Once you are officially married, you will need to provide a number of documents in order to obtain the Joining Family Resident Visa (JFRV), a document that entitles you to apply for an Alien Resident Certificate (ARC) and undertake paid employment in the country. In order to apply for the JFRV, you will need the following:
- A copy of the spouse’s Household Registration (an official document that records births, deaths, marriages, divorces, and adoptions within one household)
- A copy of the marriage certificate
- A health check certificate issued by an authorised hospital or clinic
- A Certificate of Good Conduct (“criminal record check”) from the foreign spouse’s home country
- Passport of the foreign spouse
- ROC ID card of the local spouse
- The local spouse’s chop (a stamp that is used as a signature in Taiwan)
- A signed declaration affirming the foreign national’s chosen Chinese name
Any documents from overseas need to be authenticated by the local Taiwan representative office in the relevant country.
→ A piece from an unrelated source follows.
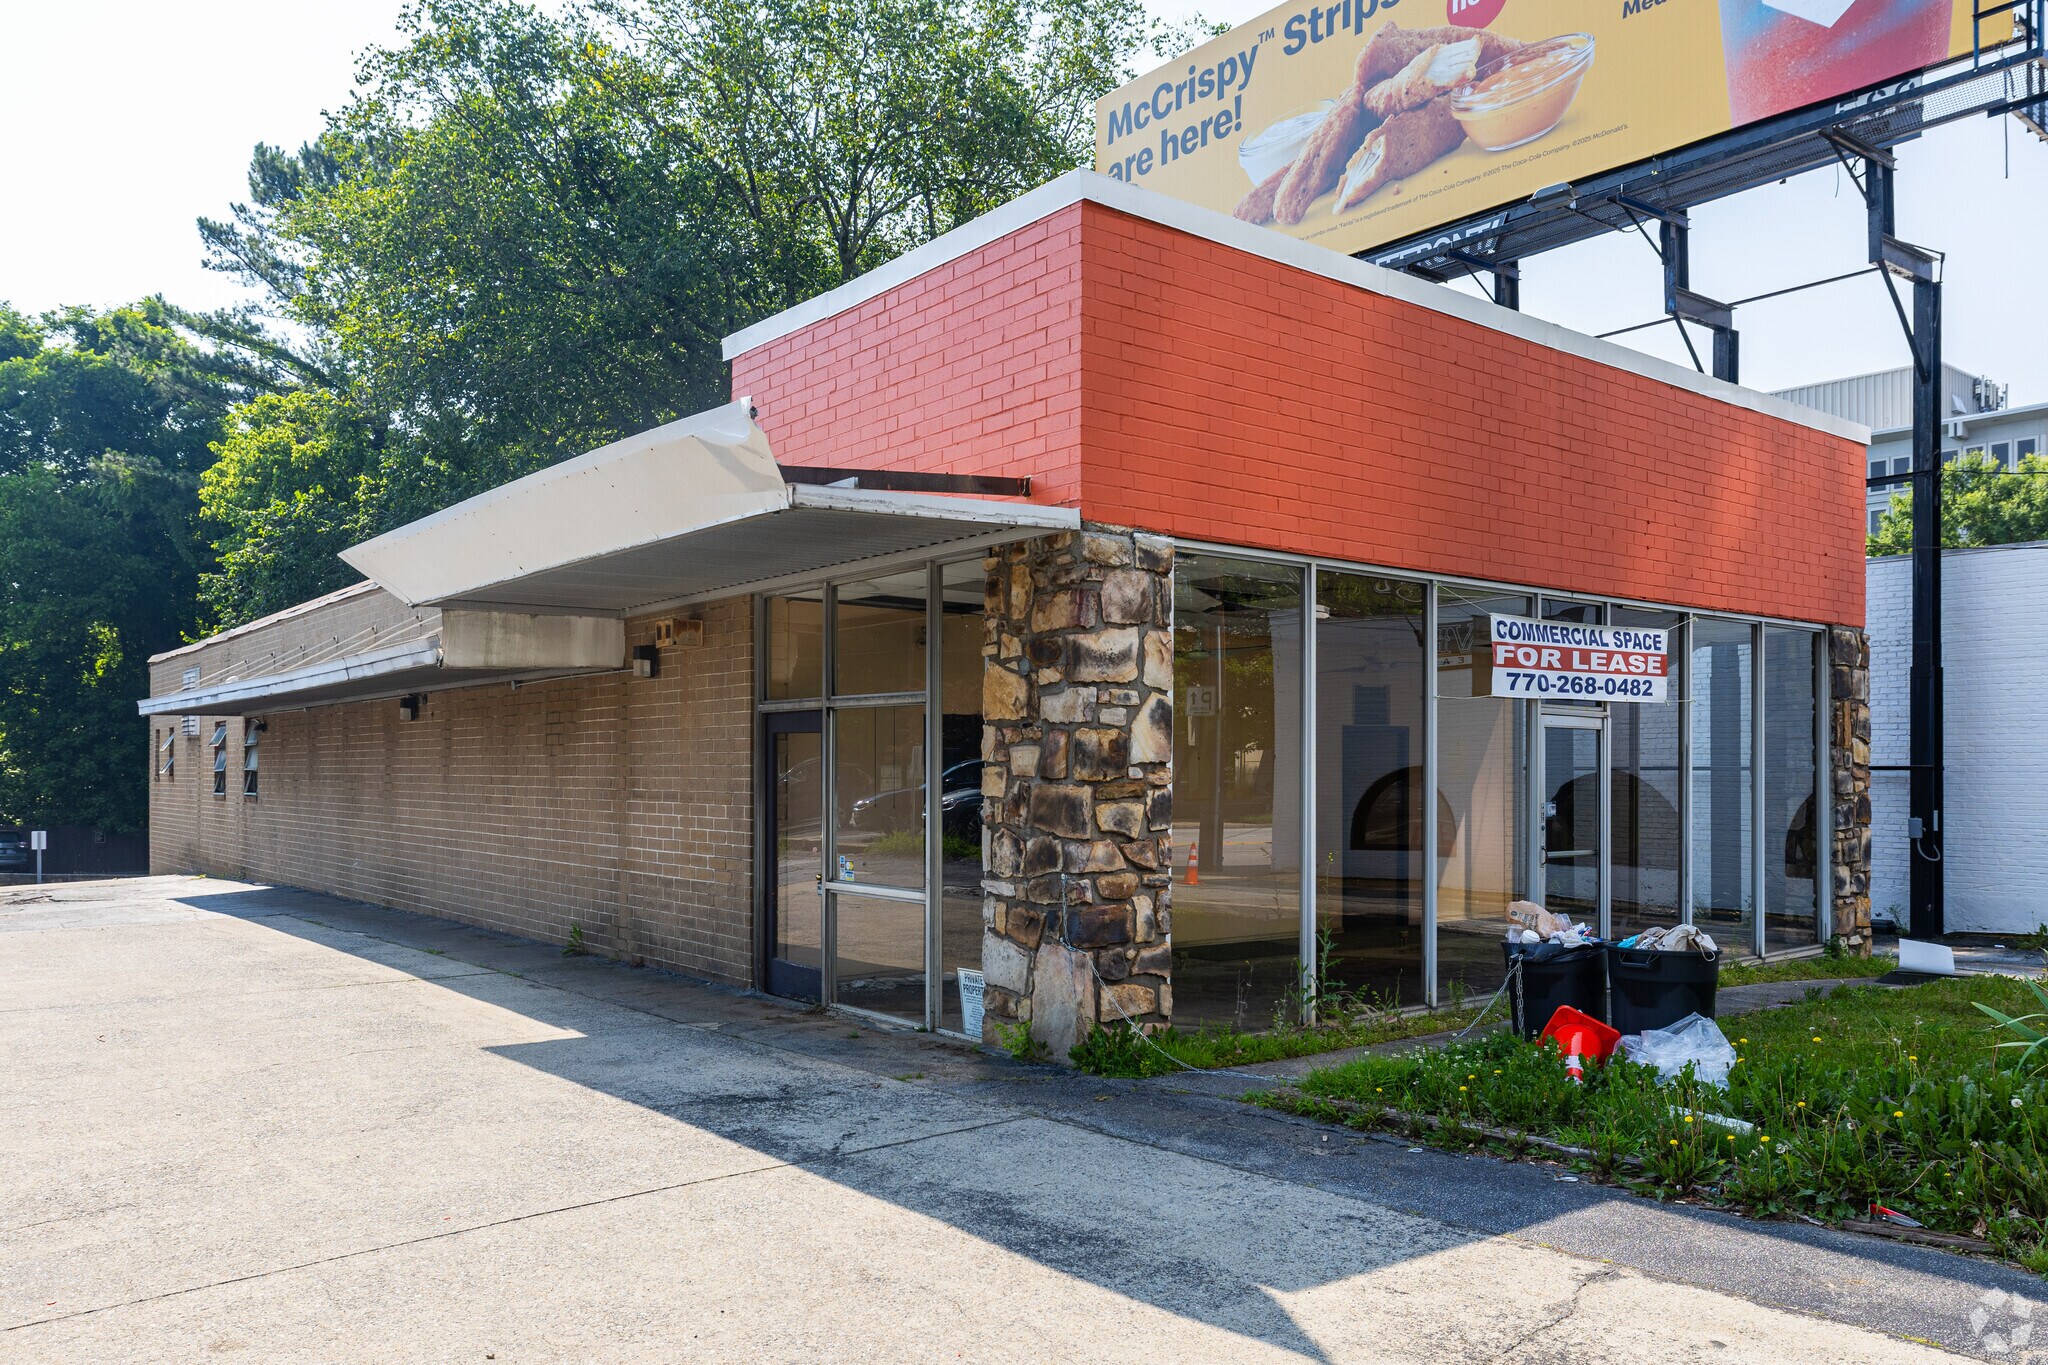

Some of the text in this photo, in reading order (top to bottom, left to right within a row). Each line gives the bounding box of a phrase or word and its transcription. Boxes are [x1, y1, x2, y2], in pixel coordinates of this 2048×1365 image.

Regulations concerning whether a Chinese translation of documents is needed are currently in flux, and it’s best to check with the National Immigration Authority as to their current rules. The Certificate of Good Conduct and the health check are only valid for three months from the date of issue, so the process requires the applicant to be quite organised to get everything certified and submitted on time. The criminal record check can be obtained from law enforcement authorities in your home country, so US citizens will need one from the FBI. Previously state police certificates would be accepted in Taiwan, but a recent change means that only FBI certificates are allowed. In Canada, the RCMP will provide this service, and in the UK you will need to apply for Subject Access with your local police force (who then check the national database).
The health check is best to get in Taiwan, as there are very particular regulations about which tests need to be carried out. Check for your nearest authorised hospital and be sure to tell hospital staff that you need the check for the marriage visa as different checks are in place for blue-collar workers and English teachers. Discovery of a serious contagious disease will result in denial of the JFRV, and in certain cases (usually involving HIV) the subject will be deported and not allowed to re-enter Taiwan.
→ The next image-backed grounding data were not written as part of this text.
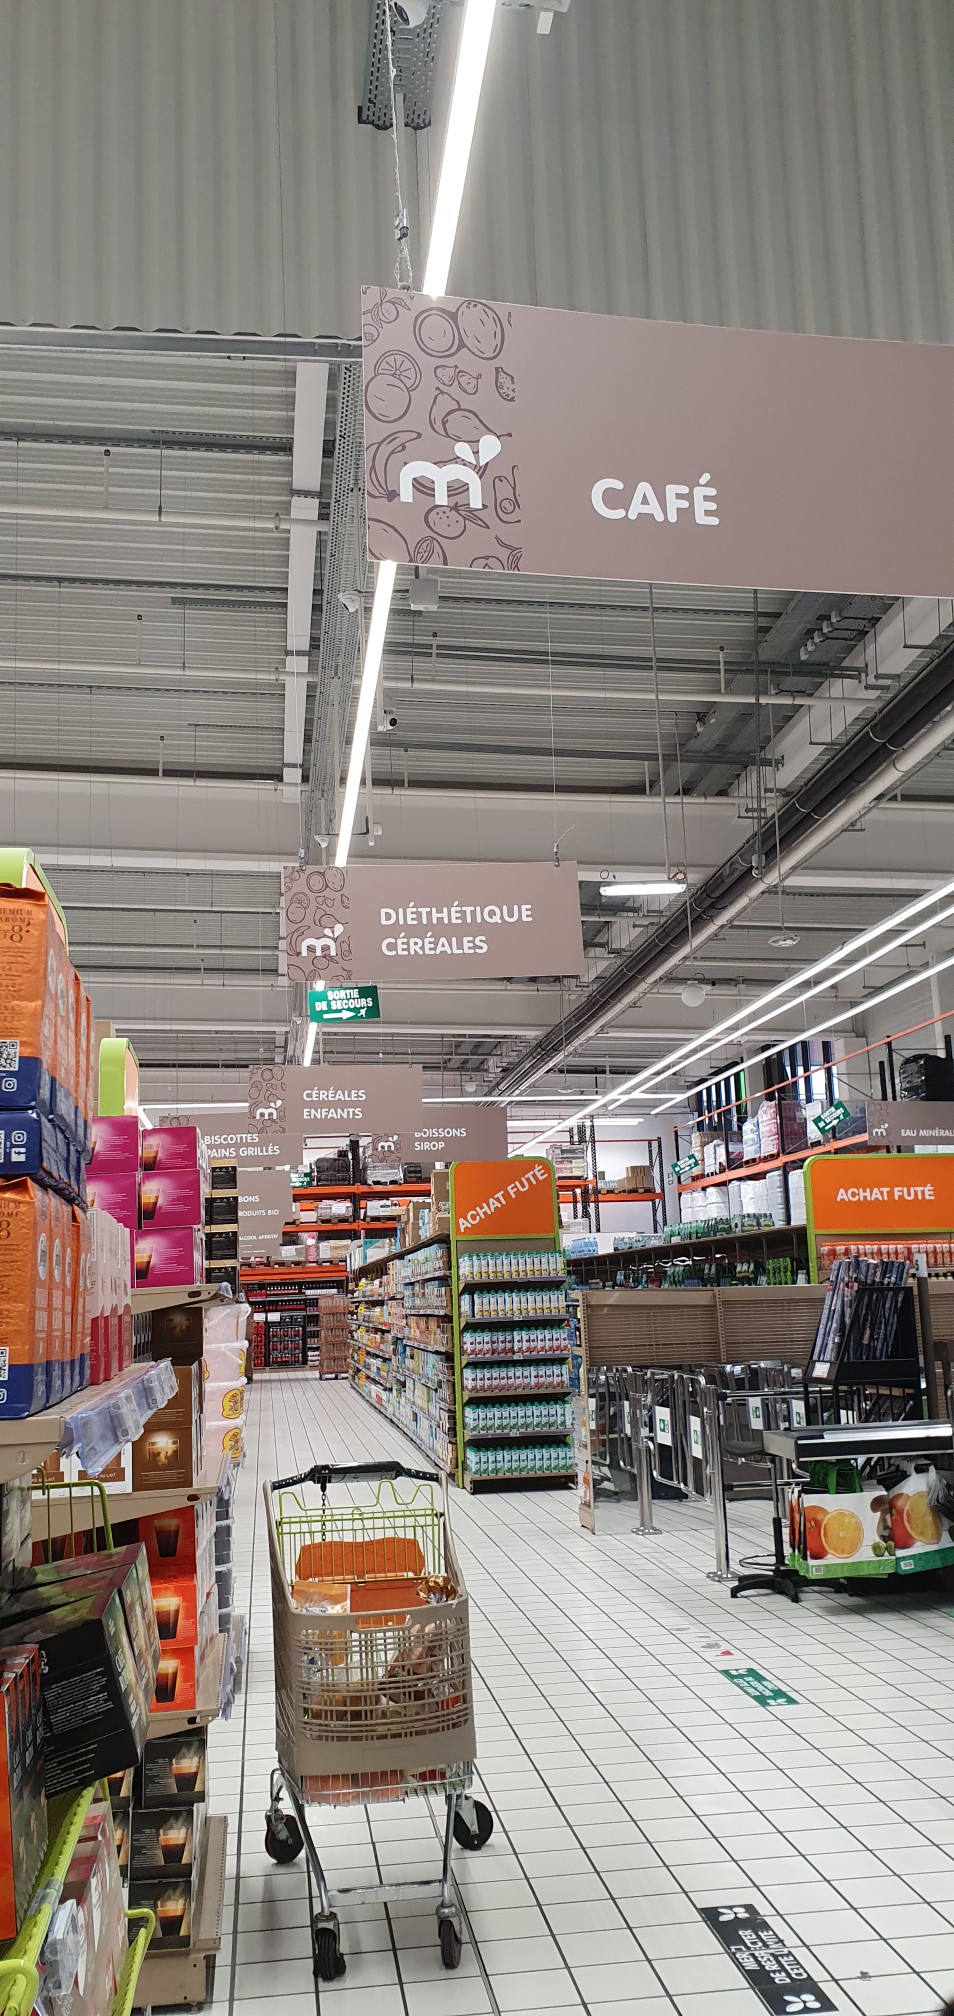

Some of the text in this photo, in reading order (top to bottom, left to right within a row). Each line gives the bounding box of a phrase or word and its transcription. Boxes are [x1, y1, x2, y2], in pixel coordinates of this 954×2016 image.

[590, 472, 720, 527] CAFÉ
[379, 901, 534, 926] DIÉTHÉTIQUE
[380, 931, 488, 957] CÉRÉALES
[327, 988, 360, 1001] SORTIE
[314, 997, 374, 1012] DE SECOURS
[302, 1086, 367, 1101] CÉRÉALES
[303, 1107, 363, 1120] ENFANTS
[204, 1133, 259, 1145] BISCOTTES
[900, 1126, 954, 1137] EAU MINÉRAL
[239, 1142, 280, 1157] GRILLÉS
[414, 1141, 446, 1151] SIROP
[458, 1163, 549, 1233] ACHAT FUTÉ
[836, 1183, 936, 1202] ACHAT FUTÉ
[238, 1208, 280, 1217] RODUITS BIO
[778, 1954, 809, 1980] CETTE
[769, 1971, 792, 1985] DE
Once the JFRV has been successfully obtained, the foreign spouse will need to apply for an Alien Resident Certificate at the local office of the National Immigration Agency within fifteen days. The following things are required for application:
- A copy of the local spouse’s huji tengben (a certificate issued by the Household Registration office), listing the foreign spouse
- A recent passport-sized photo
- The foreign spouse’s passport
- NT$1,000 (plus postage, if you want them to mail your ARC to you)
- If you are claiming an ARC based on entry under a visitor visa (rather than a resident visa) the fee rises to NT$3,200
The process is quick and painless, and your ARC will be ready within a couple of weeks. It is valid for a year, and when the time comes to renew, you will need the same documents listed above. There is no need for a new health or criminal record check. When you renew your ARC, you can apply for up to three years validity, paying NT$1,000 per year of validity.